How Does the Vestibular System Work?
The vestibular system is defined by a mutually dependent relationship between the inner ear and brain that allows humans to maintain postural stability. The inner ear portion of your vestibular system is the sensory receptor that relays information about your body and head position back to your brain. The brain, in turn, decodes the information provided by the inner ear and sends signals out to the muscles of the body to maintain upright head and trunk postures, thereby preventing falls. Vestibular rehabilitation exercises & therapy are essential for decreasing the symptoms of many issues.
How do I know Vestibular Rehabilitation is right for me?
Most often people will complain of motion sickness, intolerance to standing at high altitudes (i.e. on a ladder), vertigo, nausea, inability to focus the eyes to read, imbalance, and disequilibrium. Vestibular Rehabilitation is aimed at decreasing the frequency and severity of the symptoms listed through exercises that focus on normalizing eye movements and improving balance, gait, and posture. Frequently, symptoms intensify with head movements, lying flat, riding in a car, and walking. Head trauma, Meniere's disease, vestibular/labyrinth neuritis, migraine headaches, Benign Paroxysmal Positional Vertigo (BPPV), and strokes are common causes of vestibular weakness and dysfunction.

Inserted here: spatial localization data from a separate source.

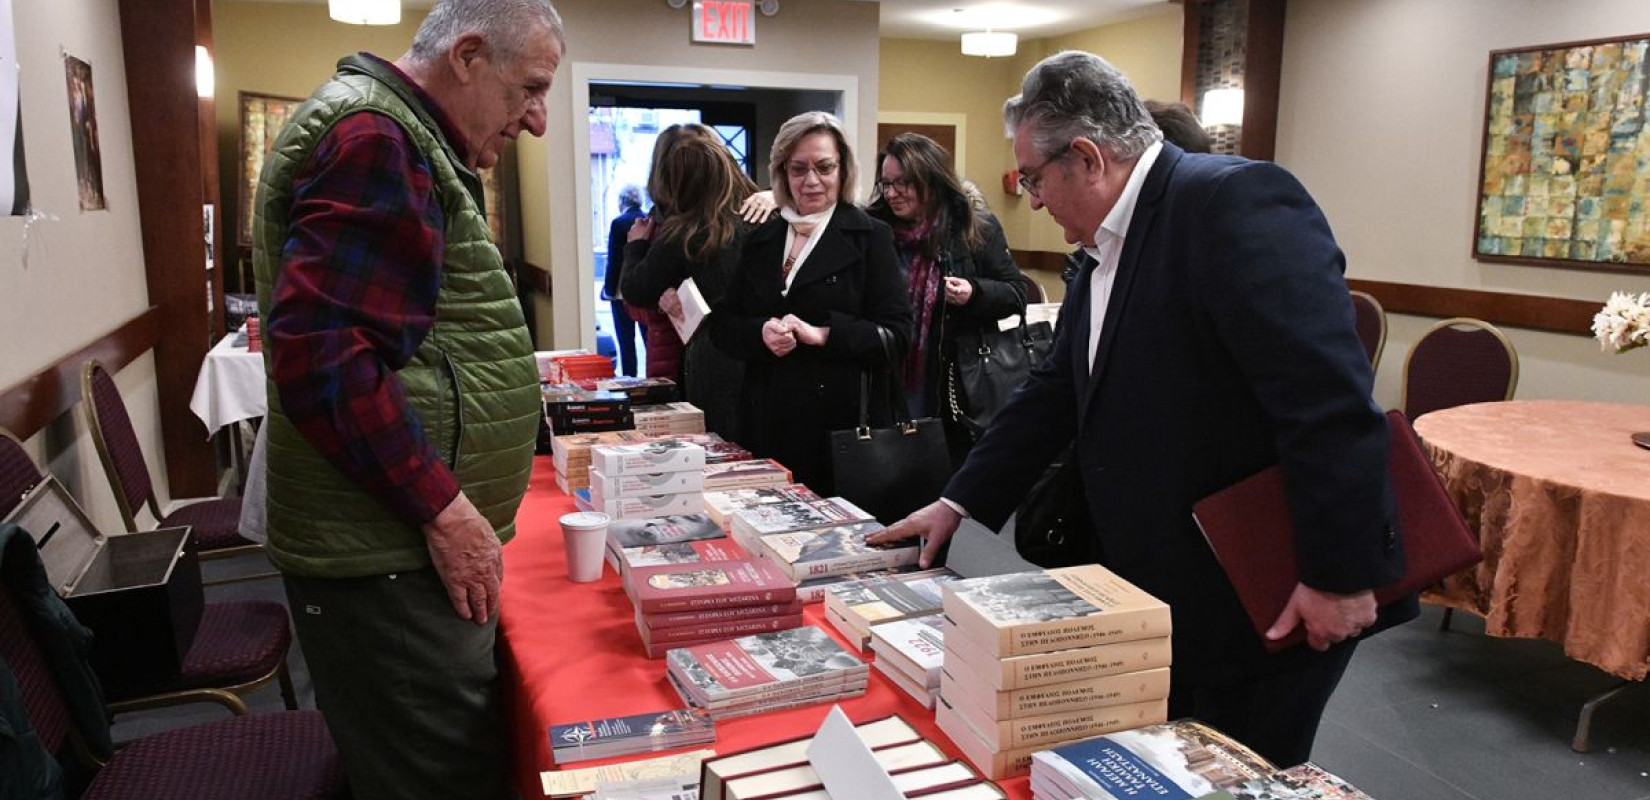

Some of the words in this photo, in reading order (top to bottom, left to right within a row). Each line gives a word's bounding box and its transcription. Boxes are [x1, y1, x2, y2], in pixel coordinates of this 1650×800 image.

[703, 2, 749, 39] EXIT
[809, 563, 829, 575] 1821
[810, 588, 826, 600] 182
[908, 639, 940, 656] 1922
[1086, 758, 1129, 788] ΜΕΓΑΛΗ
[1101, 757, 1145, 790] ΓΑΛΛΙΚΗ
[1102, 748, 1169, 795] ΕΠΑΝΑΣΤΑΣΗ
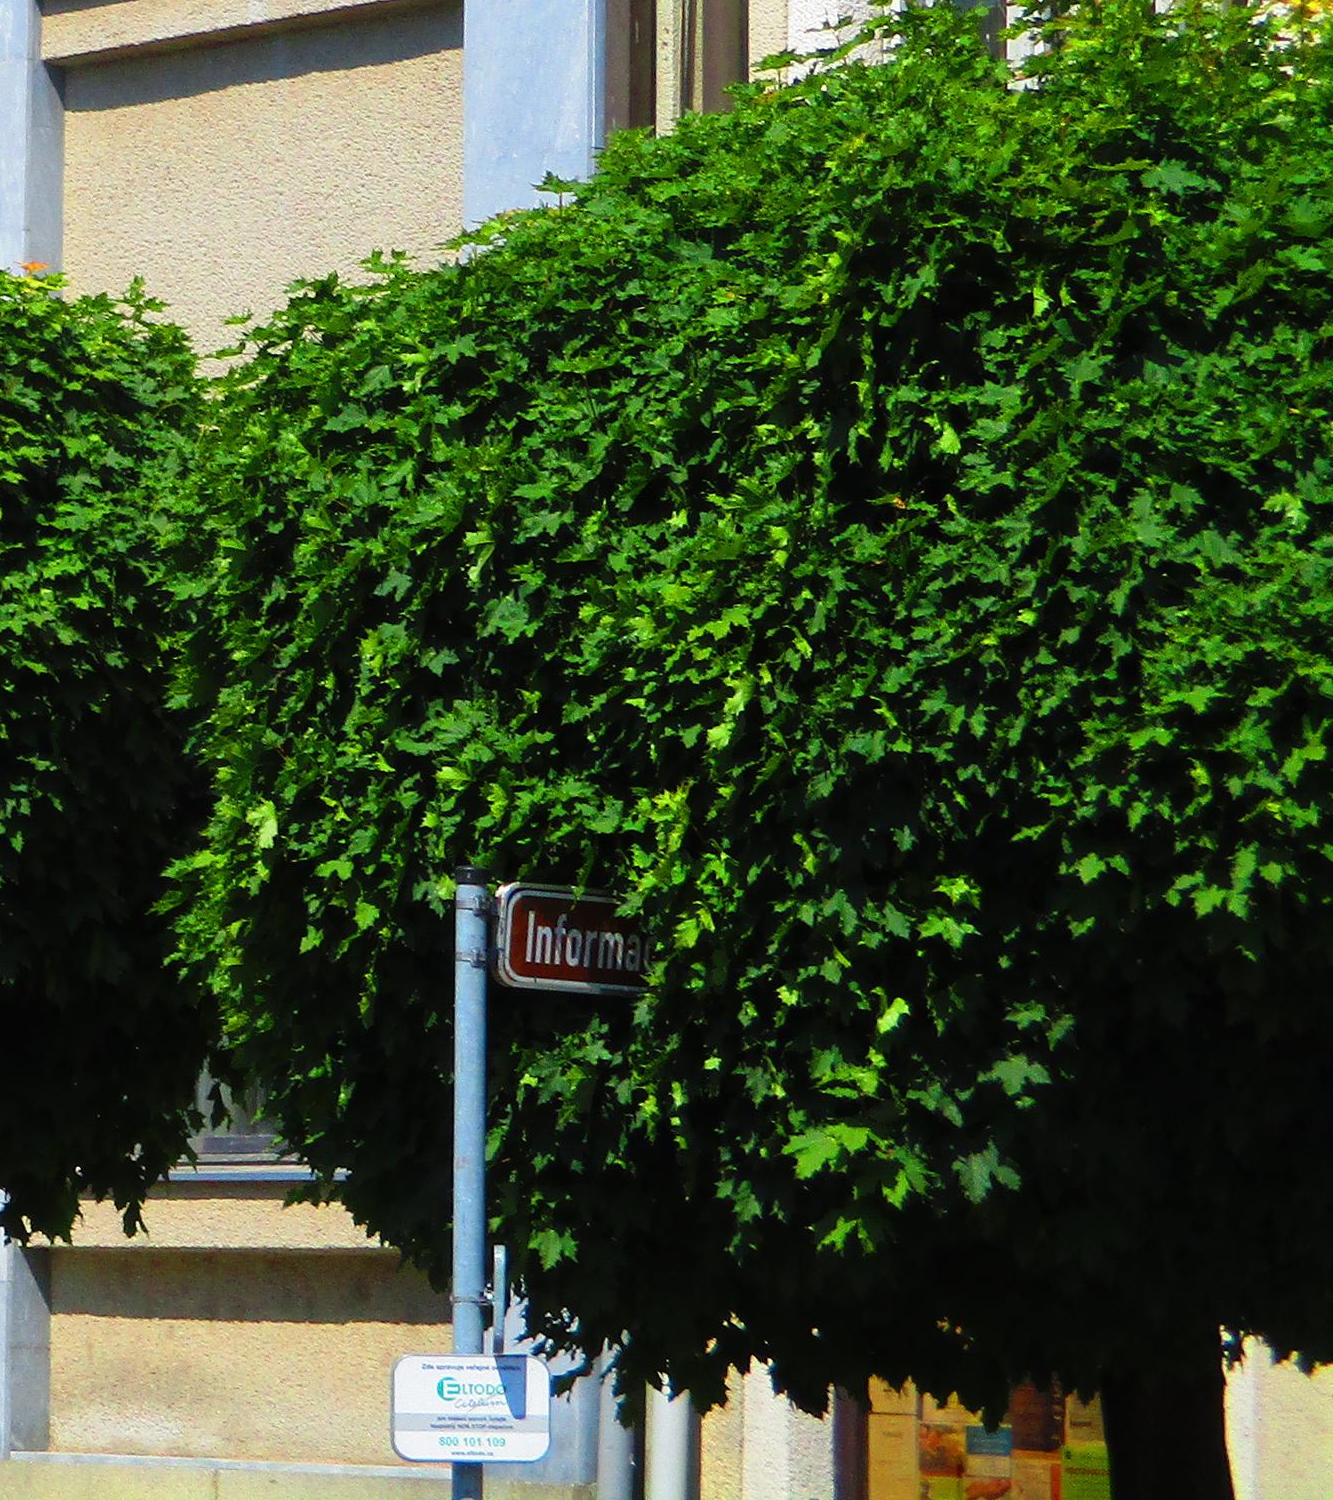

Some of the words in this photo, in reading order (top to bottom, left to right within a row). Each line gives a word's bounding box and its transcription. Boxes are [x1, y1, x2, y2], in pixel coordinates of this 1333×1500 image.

[437, 1377, 506, 1401] ELTODO
[438, 1436, 459, 1446] 800
[463, 1437, 482, 1447] 101
[486, 1437, 506, 1448] 109
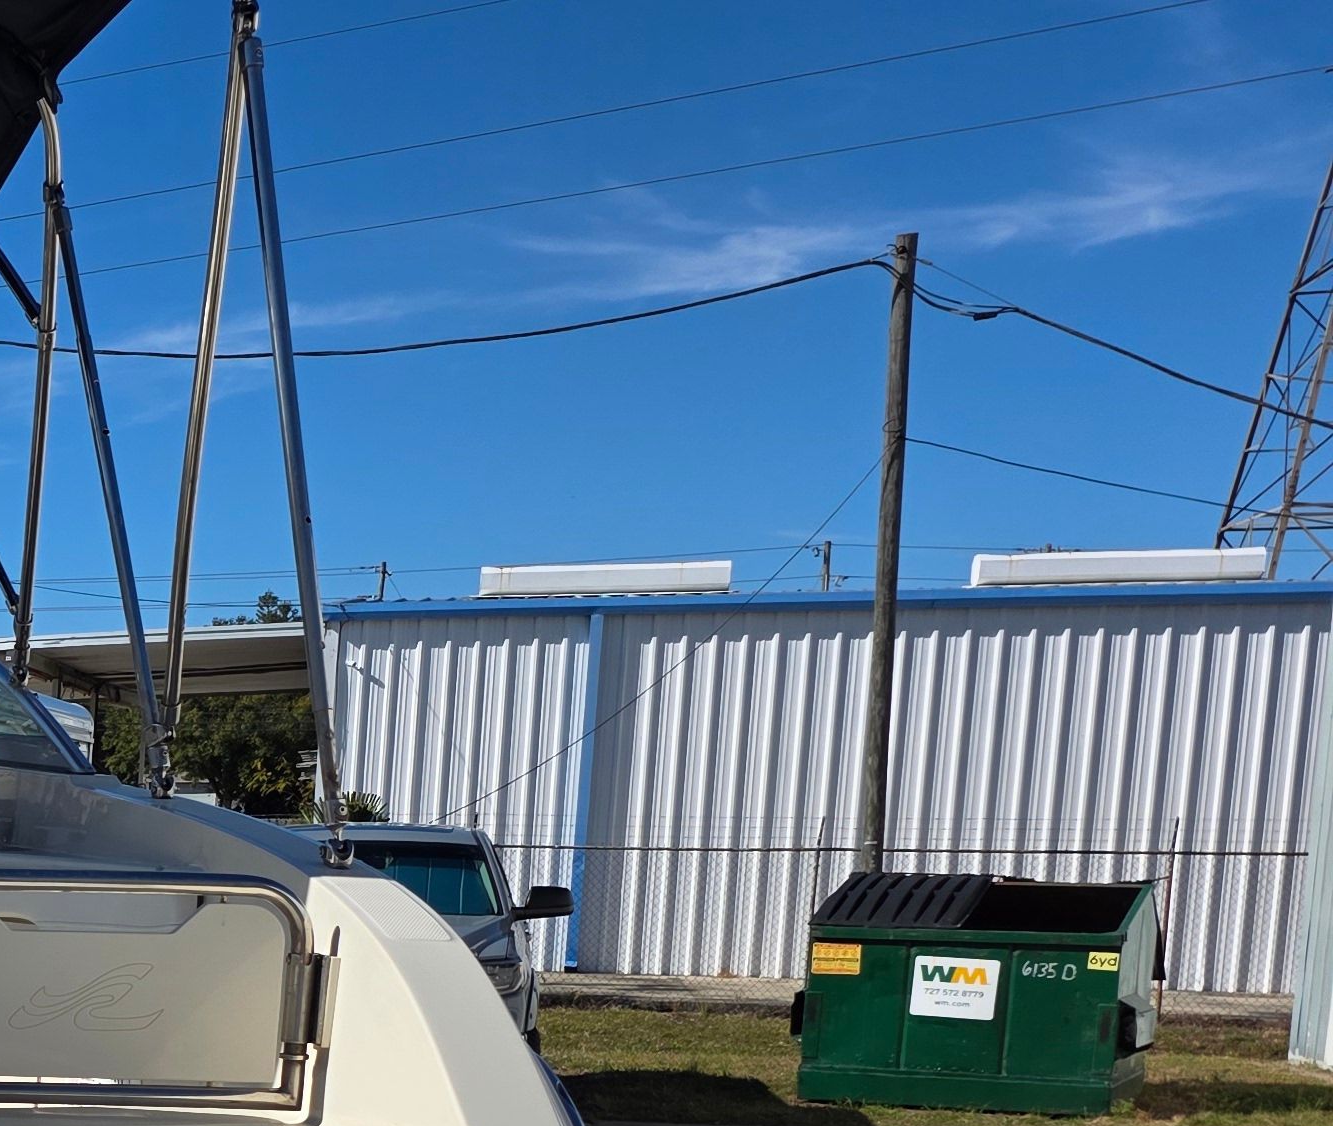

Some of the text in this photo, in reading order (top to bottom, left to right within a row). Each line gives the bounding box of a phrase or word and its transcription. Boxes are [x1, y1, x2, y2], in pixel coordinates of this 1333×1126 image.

What can I expect with the Hetrick Center Vestibular Rehabilitation Therapy?
At The Hetrick Center, the rehabilitation process begins with an individual evaluation designed to pinpoint the source of the vestibular problem. An examination includes a thorough review of past medical history and current symptoms. Testing of the eyes' ability to focus, move, and maintain gaze will also be completed as the vestibular system is closely related to the function of the eyes. Posture, gait, and balance will also be examined in order to get a clear picture of the dysfunction. It is common for the severity of vertigo, imbalance, and related symptoms to get worse before they get better and it is important to be dedicated to the treatment process.
Treatment for vertigo is performed by a licensed Physical Therapist and will include an array of flexibility exercises for the neck, strengthening of the postural, arm and neck muscles, and activities that improve balance and gait. Specialized exercises for the eyes will also be used to regain focus, to decrease motion sickness, and to get rid of vertiginous symptoms. Vestibular rehabilitation is based strongly on a home exercise program that is provided within the first two weeks of treatment. Through dedicated patient participation in the home exercise program, vestibular symptoms decrease and allow more normal function with daily and work activities. Scheduled follow-up appointments with your Physical Therapist will be completed in order to modify the home exercise program allowing maximal patient benefit and personalized care.